This has also been a week of travelling in a physical sense, as I’ve been driving my parents back from my dad’s first chemo appointment. A strange day. A long day as he had to have his PICC line fitted before the very intensive chemo started. My mum and I spent quite a lot of time sitting in the car together and chatting. I like to feel useful and these small practical things that I can do around work are, to be honest, as much about me feeling like I am doing something practical to offset the anxiety as it is about supporting them. As we sat in the car we discussed all sorts – kitchens, underwear, the agency decision I was in the middle of making – we spent six hours people watching, reading, snoozing. We wondered if we could get away for an hour to go shopping in Hull. This merging of the ordinary, even enjoyable stuff, with the trauma of cancer treatment and the over hanging question that is, realistically, ‘are we going to lose him’ is a strange thing, isn’t it. It took me back to the grief days after my husband and I lost our daughter, Matilda. How we might be watching TV together, laughing even and then the reality of it all would slowly seep back in like seawater filling up holes in the beach-sand; the reality that everything had changed, nothing could go backwards, there was only the forwards motion of time and the knowledge of living with it all, getting on with it, of having no other option. I’d forgotten about that bit.

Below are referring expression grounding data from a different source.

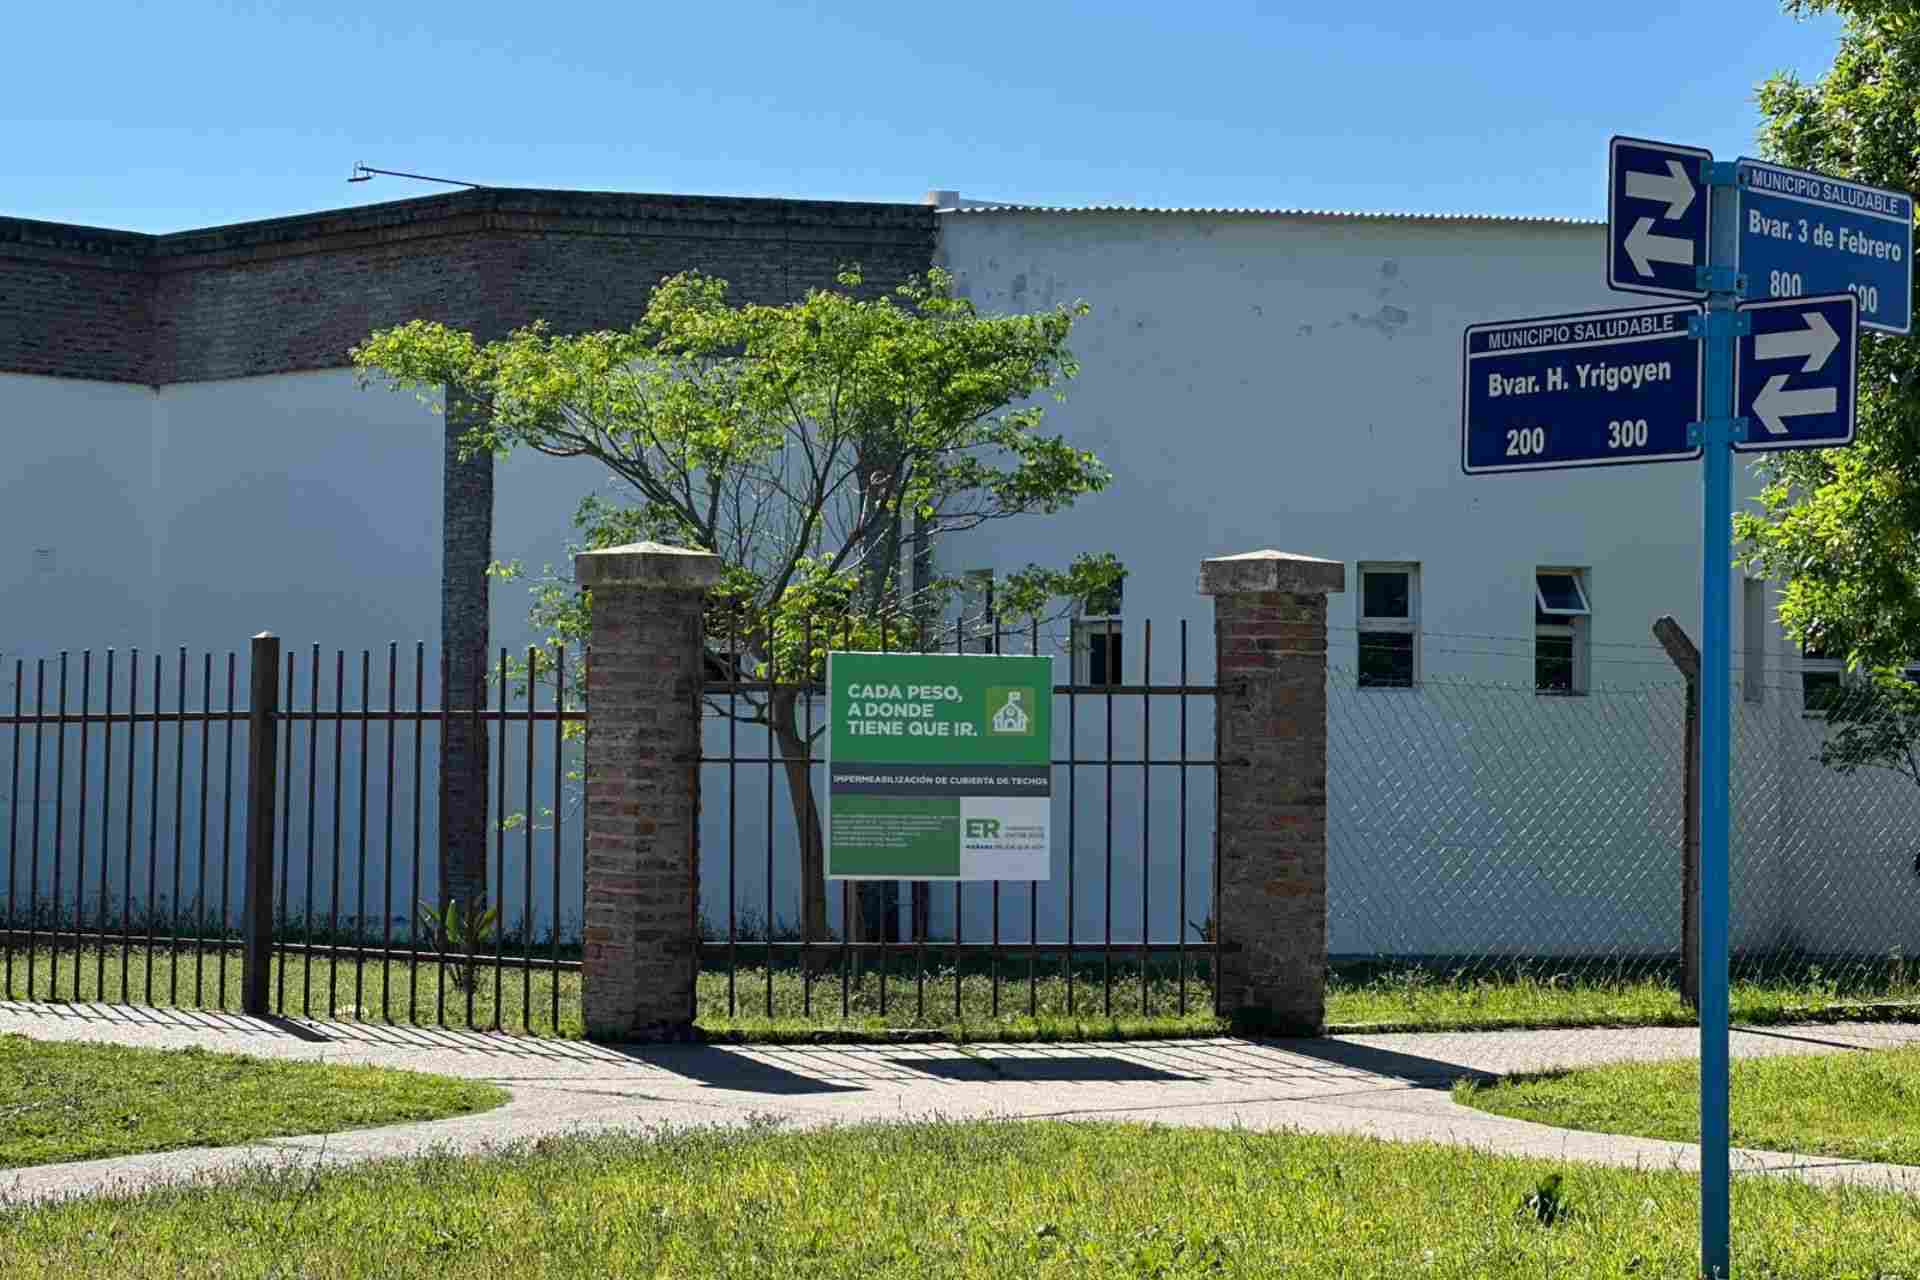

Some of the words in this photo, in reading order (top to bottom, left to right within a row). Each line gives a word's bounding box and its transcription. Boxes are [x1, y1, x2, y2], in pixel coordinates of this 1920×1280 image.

[1751, 169, 1820, 198] MUNICIPIO
[1823, 185, 1898, 214] SALUDABLE
[1749, 208, 1793, 241] Bvar.
[1798, 219, 1808, 243] 3
[1813, 223, 1833, 248] de
[1839, 227, 1901, 262] Febrero
[1770, 269, 1802, 297] 800
[1488, 326, 1570, 349] MUNICIPIO
[1574, 314, 1674, 341] SALUDABLE
[1488, 373, 1540, 397] Bvar.
[1547, 367, 1569, 391] H.
[1576, 360, 1672, 391] Yrigoyen
[1506, 427, 1545, 456] 200
[1608, 419, 1649, 448] 300
[847, 683, 903, 699] CADA
[907, 685, 964, 703] PESO,
[847, 703, 861, 717] A
[865, 703, 934, 718] DONDE
[847, 720, 903, 736] TIENE
[908, 721, 949, 737] QUE
[954, 722, 978, 737] IR.
[935, 776, 947, 785] DE
[966, 819, 1000, 838] ER

I drove their car back, it was a joy to drive, much nicer than ours. It took about an hour, with my dad in the front seat. They were both getting smaller right before my eyes. He did really well, all in all, and is very stoic, but I can see already that he is changed, he is frailer. They both are. As I drove I pointed out the landscape features and we talked about churches they’d visited nearby, the myths and village folklore that surrounded them, the way the road swept away into the fields, the beauty of it. Mum sat in the back and read her book. There was a sense of role reversal, I thought back to the same conversations we’d had as children, the driving to see relatives in Thirsk, the pointing out of the landscape features, the stories that were attached to those places. I had a sense that we were driving forward to an unknown point, and all there was to do was to move, to progress, to mark off each small accomplishment, to celebrate the wins and manage the losses.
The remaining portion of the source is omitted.